Data items
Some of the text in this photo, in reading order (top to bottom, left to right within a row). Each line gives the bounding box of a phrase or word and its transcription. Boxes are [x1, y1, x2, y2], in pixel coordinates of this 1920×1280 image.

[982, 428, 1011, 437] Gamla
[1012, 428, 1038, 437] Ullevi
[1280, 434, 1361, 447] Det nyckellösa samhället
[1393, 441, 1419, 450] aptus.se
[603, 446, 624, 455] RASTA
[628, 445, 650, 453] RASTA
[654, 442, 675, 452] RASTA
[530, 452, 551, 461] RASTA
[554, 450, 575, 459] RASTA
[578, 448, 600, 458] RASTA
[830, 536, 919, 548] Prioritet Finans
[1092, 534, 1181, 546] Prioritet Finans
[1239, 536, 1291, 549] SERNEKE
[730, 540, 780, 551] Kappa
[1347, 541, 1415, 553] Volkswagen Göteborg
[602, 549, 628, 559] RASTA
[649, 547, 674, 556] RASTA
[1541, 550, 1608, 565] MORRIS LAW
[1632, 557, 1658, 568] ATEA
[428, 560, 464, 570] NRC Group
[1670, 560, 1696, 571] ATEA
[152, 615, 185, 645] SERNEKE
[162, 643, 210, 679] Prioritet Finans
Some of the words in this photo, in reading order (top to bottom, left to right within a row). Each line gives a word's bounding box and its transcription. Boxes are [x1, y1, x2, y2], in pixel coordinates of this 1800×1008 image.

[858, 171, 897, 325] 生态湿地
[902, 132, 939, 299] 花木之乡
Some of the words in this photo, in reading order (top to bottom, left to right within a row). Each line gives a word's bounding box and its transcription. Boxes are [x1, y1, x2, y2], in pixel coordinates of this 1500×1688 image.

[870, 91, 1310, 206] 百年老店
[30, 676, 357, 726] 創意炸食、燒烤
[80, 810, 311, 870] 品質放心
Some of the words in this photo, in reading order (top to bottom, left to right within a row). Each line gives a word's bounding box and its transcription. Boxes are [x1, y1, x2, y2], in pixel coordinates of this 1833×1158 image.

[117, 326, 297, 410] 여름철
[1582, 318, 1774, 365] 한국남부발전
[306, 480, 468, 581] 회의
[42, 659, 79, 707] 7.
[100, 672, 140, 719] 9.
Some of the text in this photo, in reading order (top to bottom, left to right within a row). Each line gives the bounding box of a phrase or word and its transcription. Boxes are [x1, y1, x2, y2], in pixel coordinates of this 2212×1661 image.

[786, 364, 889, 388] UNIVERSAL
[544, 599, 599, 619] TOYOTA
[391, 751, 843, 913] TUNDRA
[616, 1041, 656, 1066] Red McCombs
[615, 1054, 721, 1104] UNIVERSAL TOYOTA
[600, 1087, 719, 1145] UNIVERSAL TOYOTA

= Task description =
Output exactly the lines between the one containing "this 1833×1158 image." and the final line above, both inclusive.

= Exercise result =
Some of the words in this photo, in reading order (top to bottom, left to right within a row). Each line gives a word's bounding box and its transcription. Boxes are [x1, y1, x2, y2], in pixel coordinates of this 1833×1158 image.

[117, 326, 297, 410] 여름철
[1582, 318, 1774, 365] 한국남부발전
[306, 480, 468, 581] 회의
[42, 659, 79, 707] 7.
[100, 672, 140, 719] 9.
Some of the text in this photo, in reading order (top to bottom, left to right within a row). Each line gives the bounding box of a phrase or word and its transcription. Boxes are [x1, y1, x2, y2], in pixel coordinates of this 2212×1661 image.

[786, 364, 889, 388] UNIVERSAL
[544, 599, 599, 619] TOYOTA
[391, 751, 843, 913] TUNDRA
[616, 1041, 656, 1066] Red McCombs
[615, 1054, 721, 1104] UNIVERSAL TOYOTA
[600, 1087, 719, 1145] UNIVERSAL TOYOTA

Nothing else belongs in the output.